I saw the blue heron yesterday morning flapping up from the pond. He has his meals there in season and sits on our high rock watching the water with his side eyed glance. He likes fresh clean fish.
A keystone species, Great Blue Herons are ecological indicators and so their well being indicates the ecosystem’s health. The heron was a neighbor who moved in once our pond was restored and he stayed. For us, a badge of hard earned honor.
Pond restoration was our very first Native Meadow project when I bought the land in 2004. At that time the two acre pond was completely taken over by algae, compromised by chemical lawn treatment run off and one third full of sediment. It’s sloping banks were mown vertically down to its edge.
With each rain, the pond turned clay red. Otherwise it was marsh green and returning to land. The pond’s dam was full of trees which were eroding the dam’s stability.
The fish we caught and relocated had enlarged heads and gills from living in water with so little oxygen. That must have been a nice splash for them when they landed in a cleaner pond. Deep watery breath. Ahhh
In fact, at that time, I only “owned” half of the pond. The other half had an absentee owner who shared my environmental ethics and who did not mind if I restored the whole pond as I saw fit. Why would he?
And as far as who owns what, anyone who has tried to restore and conserve land knows that the land owns you and you work for it. At your expense.
First we drained the pond and removed some 40 dump truck loads of sediment.
We were delighted to find a spring in one end and to also find that the pond had initially been dug to a depth sufficient for clean water.
We reshaped the pond banks creating a wide flat walking path around the perimeter and below the water line another narrow bench was carved to catch anyone or any machine that tumbled in.
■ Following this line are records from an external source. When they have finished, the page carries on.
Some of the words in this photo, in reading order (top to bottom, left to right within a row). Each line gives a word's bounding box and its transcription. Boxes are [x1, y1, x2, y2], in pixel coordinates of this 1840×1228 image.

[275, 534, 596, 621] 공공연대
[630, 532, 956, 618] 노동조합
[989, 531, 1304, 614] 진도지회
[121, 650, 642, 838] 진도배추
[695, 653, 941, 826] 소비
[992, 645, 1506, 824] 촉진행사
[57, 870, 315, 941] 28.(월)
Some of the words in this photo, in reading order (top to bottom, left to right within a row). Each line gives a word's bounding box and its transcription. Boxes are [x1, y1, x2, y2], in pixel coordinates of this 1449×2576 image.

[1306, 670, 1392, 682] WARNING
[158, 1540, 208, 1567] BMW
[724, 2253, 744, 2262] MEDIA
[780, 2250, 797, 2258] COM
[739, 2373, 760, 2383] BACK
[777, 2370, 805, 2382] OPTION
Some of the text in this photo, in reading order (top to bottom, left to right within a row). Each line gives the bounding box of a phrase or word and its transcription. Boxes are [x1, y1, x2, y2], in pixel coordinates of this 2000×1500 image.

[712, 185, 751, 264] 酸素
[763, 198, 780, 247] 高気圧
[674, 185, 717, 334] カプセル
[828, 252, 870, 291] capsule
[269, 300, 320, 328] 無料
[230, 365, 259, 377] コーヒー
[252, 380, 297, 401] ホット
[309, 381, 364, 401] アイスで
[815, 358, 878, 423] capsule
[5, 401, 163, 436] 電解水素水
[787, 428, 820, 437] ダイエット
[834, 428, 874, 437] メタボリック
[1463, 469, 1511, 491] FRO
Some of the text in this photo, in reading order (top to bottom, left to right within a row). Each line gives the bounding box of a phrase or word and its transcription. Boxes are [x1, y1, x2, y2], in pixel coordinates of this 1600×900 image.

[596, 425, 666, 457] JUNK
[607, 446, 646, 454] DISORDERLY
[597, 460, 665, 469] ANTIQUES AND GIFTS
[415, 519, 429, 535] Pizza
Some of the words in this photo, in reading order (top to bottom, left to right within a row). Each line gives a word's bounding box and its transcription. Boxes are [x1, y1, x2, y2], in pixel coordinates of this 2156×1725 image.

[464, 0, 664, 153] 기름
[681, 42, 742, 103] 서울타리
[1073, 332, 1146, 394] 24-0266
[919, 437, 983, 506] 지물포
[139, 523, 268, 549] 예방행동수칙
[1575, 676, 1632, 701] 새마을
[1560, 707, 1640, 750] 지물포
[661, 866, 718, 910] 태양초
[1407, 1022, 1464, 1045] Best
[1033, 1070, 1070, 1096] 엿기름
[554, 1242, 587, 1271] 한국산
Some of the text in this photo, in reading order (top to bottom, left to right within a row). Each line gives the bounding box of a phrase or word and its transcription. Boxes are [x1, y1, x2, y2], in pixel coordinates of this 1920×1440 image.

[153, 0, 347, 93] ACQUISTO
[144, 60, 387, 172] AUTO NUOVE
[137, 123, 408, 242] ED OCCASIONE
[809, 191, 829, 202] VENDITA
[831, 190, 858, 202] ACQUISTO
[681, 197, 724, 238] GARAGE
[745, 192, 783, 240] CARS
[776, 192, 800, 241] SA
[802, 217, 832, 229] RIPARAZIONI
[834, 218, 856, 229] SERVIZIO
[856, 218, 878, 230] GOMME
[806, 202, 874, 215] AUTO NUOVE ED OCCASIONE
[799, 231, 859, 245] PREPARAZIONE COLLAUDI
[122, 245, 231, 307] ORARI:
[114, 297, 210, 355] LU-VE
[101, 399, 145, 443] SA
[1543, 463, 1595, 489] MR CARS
We put in some rock structure for future fish.
.We found a seam of granite that ran down one slope and into the deepest part of the pond. We cut a chunk of it out and stood a boulder on top of the seam. For mermaids and herons you know.
We stabilized banks with rock, jute and plantings. We cleared the crumbling island and built a bridge with a fishing bench out to it and then replanted the island to stabilize.
The most urgent need was to stop the swoosh. The pond is in a bowl with higher ground on three sides and so it takes the rain from a large area. It has also taken run off sediment for years. As we started to drain and dredge, we began to plant and plant to stabilize those slopes.
We especially needed to very quickly stabilize where we had done the reshaping of path and catch ledge before the late summer and fall storms swooshed red clay right back into the pond.
So we decided to do Hydroseeding where you spray a slurry of mulch, fertilizer, seed and green dye. This was not the way we usually did things, but because we had very little time before our hard work might be ruined, we contracted with a guy to do the Hydroseeding.
And he didn’t do it. I was never clear on the challenges this gentleman was facing. There were mutters of broken equipment and a nasty divorce but he just didn’t finish the job.
Long story short, I ended up down at the pond every evening, hoeing and seeding and watering in the high summer heat. There was no water other than in the slowly refilling pond. There was no power. I had a very loud, very heavy gas powered Chevy motor pump at the edge of the water to draw and push the pond water up to my seeds.
This muddy sweaty loud place was, by God, going to be my swimming hole. Then and many times since I have looked at plans for a traditional pool and many times since have rejected them all as noisy, chemical and chore intensive and certainly less magical than a clean pond.
Raw earth becomes a wound in this larger restoration. An uncovered child. An aberration. When I see large industrial agriculture fields tilled dusty without cover crops, I now shudder and long to blanket.
We created two rain gardens to stop the swoosh. There was one crease in the slopes that had funneled a torrent of muddy run off into the pond. At two points on this crease, we dug shallow rain gardens, carefully calibrating how long they would hold water. We wanted to slow and catch the swoosh but have the land absorb the water before the few days it takes mosquitoes to breed.
The rain gardens were planted with herbaceous perennials: southern lady fern, swamp milkweed, wild geranium, hairy alum root, dwarf crested iris, cardinal flower, Virginia bluebells, cinnamon fern, foam flower, Christmas fern, and Appalachian, Pennsylvania, silver, and plantain leaf sedges,- all things that love having their feet wet. These gardens are subtle now and encroached upon by the strong meadow grasses, but they still do their swoosh stopping job.
We planted bald cypress who thrived and walked their knobby knees down into the water within just a few years. We planted pond cypress along the far bank and the deer only rubbed one of them to ruin. We planted Arrowwood Viburnum, Virginia Sweetspire, red twig dogwood, sweet pepper bush, winterberry holly, and northern bayberry shrubs. The bayberry did not make it.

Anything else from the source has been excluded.